The online ecosystem propagated by Musk and others has polluted our political mainstream. Polls are showing massive gains for Reform UK. In an apparent effort to court that section of the electorate, Prime Minister Keir Starmer has repeatedly railed against the policies of his Tory predecessors that resulted in large increases in net migration, decrying a “squalid chapter” that he claims has done “incalculable damage” to the UK. 

It has been widely ignored that the 2024 riots affected seven of the 10 most deprived parts of Britain. The far right feeds on the despair and deprivation that deindustrialisation has brought, spreading the idea that immigrants are responsible for the difficulties faced by many people in the UK.

More than anyone else, people seeking refuge from war and hardship are bearing the brunt of this toxic conversation. In Epping, an affluent market town in Essex, there have been numerous protests outside a hotel housing asylum seekers, following alleged sexual assaults committed by one resident. That individual is now on remand and awaiting trial, yet the people who still live in the hotel are being held collectively responsible. Bottles and fireworks have been thrown at police and two security guards were recently attacked in what is now being treated as a racially aggravated assault.

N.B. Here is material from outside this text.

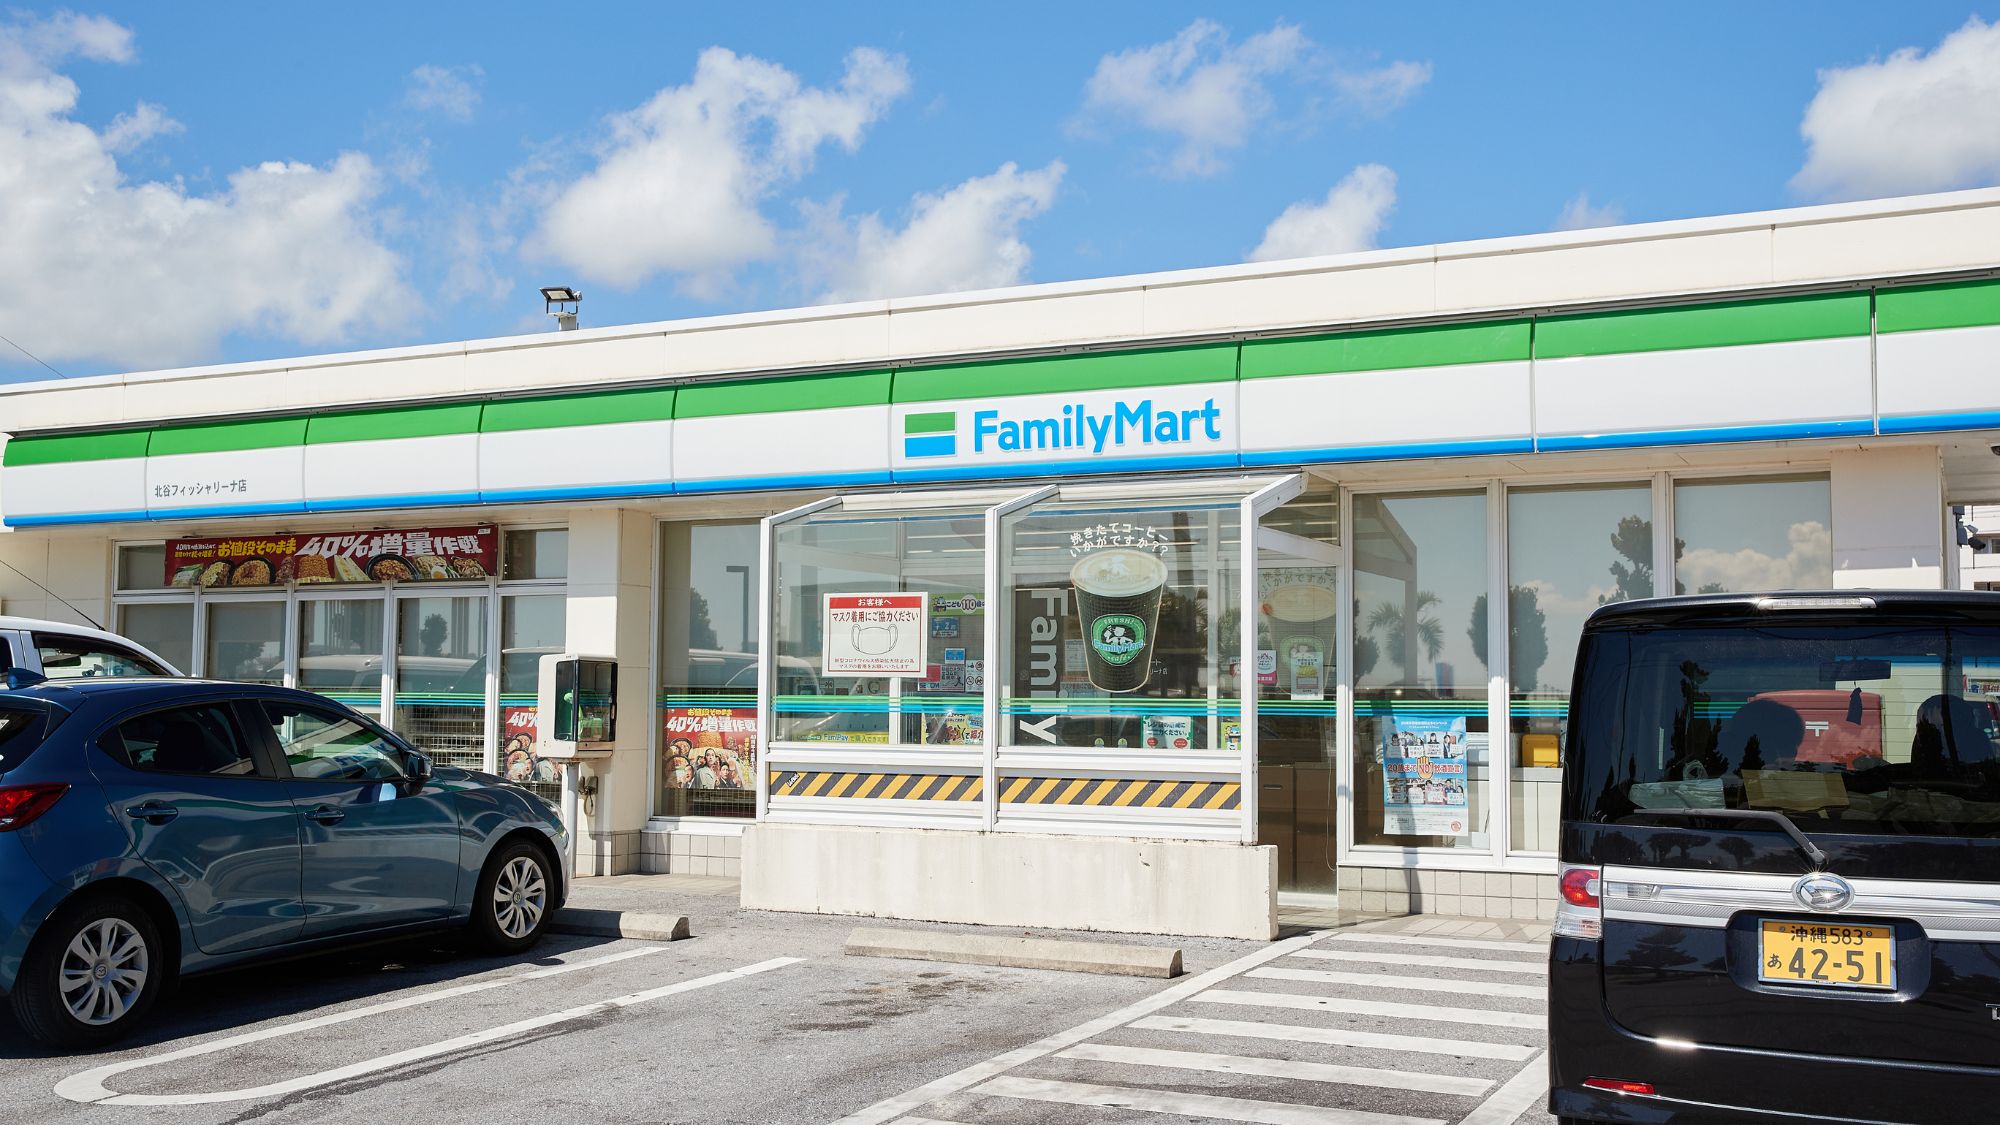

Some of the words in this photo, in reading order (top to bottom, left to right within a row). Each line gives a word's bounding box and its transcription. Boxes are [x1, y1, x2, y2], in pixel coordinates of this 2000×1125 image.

While the protests have included local people, far-right extremists have been at the centre of them, including members of such fascist and neo-Nazi groups as the Homeland party, the British National party and Blood & Honour. Similar gatherings have been staged in the past week outside hotels in the Canary Wharf area of east London, Portsmouth, Southampton, Bournemouth, Leeds and Norfolk

Last week, Reform UK leader Nigel Farage spoke of “civil disobedience on a vast scale”. Deputy Prime Minister Angela Rayner has warned of a potential “summer of riots”. Meanwhile, politicians and pundits casually use words such as “tinderbox” and “powderkeg”, as if they are powerless to do anything about any of it.

These problems won’t be fixed with aggressive policing and harsher sentences for violent protesters. First, we must change the way we talk about immigration and confront the deep-rooted suspicion, fear and hostility of asylum seekers. There is no silver bullet for the increasing atomisation and declining social trust spreading through our society, but that does not mean we should not try to fix it. This moment requires courage on the national stage. Few have robustly challenged the widespread dehumanisation of Muslims and immigrants. Even fewer are willing to do the hard graft of bringing communities together to have frank conversations on points of difference.

More than anything else, the 2024 riots demonstrated just how combustible our streets are. Continuing to fan the flames of bigotry will only ensure that they spread.